Um elemento-chave em um programa ambicioso de pesquisa do CBPF é instrumentação científica. A meu ver, um dos calcanhares de Aquiles da ciência brasileira é nossa fragilidade na infraestrutura de apoio para o desenvolvimento da instrumentação científica em todas as áreas da ciência. Devemos reconhecer os progressos recentes nessa área – em particular, com o sucesso do projeto Sirius –, mas, certamente, eles estão muito aquém das necessidades de um país com uma economia diversificada como a do Brasil, com pretensões de exercer um papel relevante na produção de bens e serviços para o mundo.
Outro desafio que enfrentará o novo diretor será o de continuar a mobilização dos pesquisadores e tecnologistas jovens para desempenharem papel de maior relevância nos mecanismos de decisão no CBPF. Esse é um problema que permeia toda a estrutura de decisões (científicas) do Brasil.

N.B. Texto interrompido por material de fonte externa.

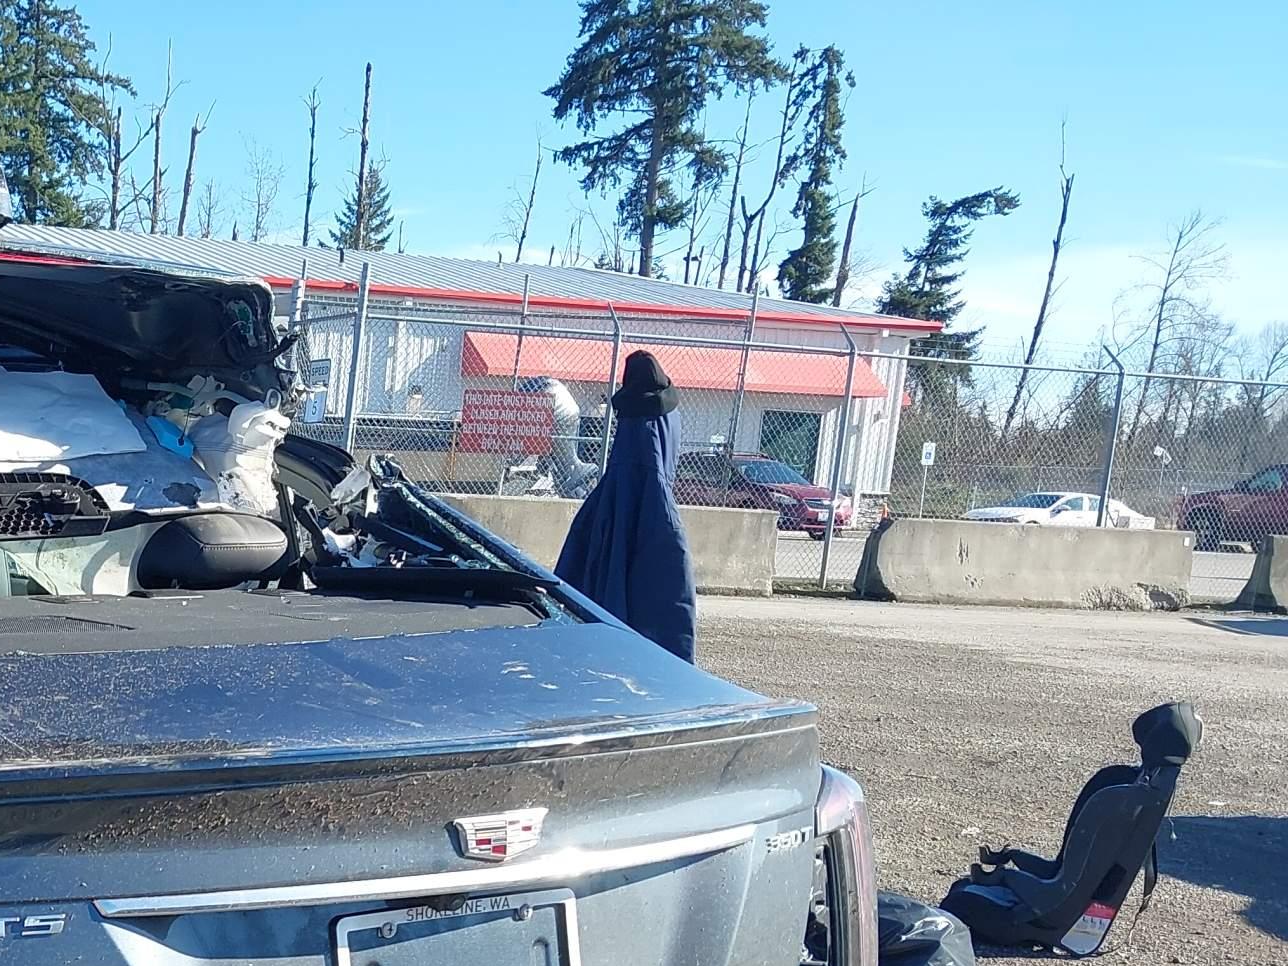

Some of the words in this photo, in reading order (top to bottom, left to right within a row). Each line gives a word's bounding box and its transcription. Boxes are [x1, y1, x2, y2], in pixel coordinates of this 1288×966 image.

Os pesquisadores jovens têm pouca voz ativa hoje. Claramente, há razões históricas para essa deformação, mas é tempo de iniciar um programa para corrigi-lo e gerar novas lideranças científicas. Porém, mais relevante ainda, será o de conseguir ampliar a participação de mulheres nas atividades do CBPF. Temos ainda, em nossa instituição, um desequilíbrio de gênero muito agudo, refletindo situação que, infelizmente, caracteriza a física, tanto no Brasil quanto no mundo.
O desenvolvimento dessas ideias de forma mais abrangente pode ser encontrado no meu ‘Projeto de Gestão e Visão de Futuro para o CBPF’. Estive envolvido na concepção e redação dos ‘Planos Diretores do CBPF’ de 2006-2010, 2011-2015 e aquele que cobre o período de 2017-2021 – este último em vigor. Reafirmo aqui meu compromisso em aderir à orientação estabelecida pelo Plano Diretor, caso seja indicado para continuar dirigindo o Centro Brasileiro de Pesquisas Físicas.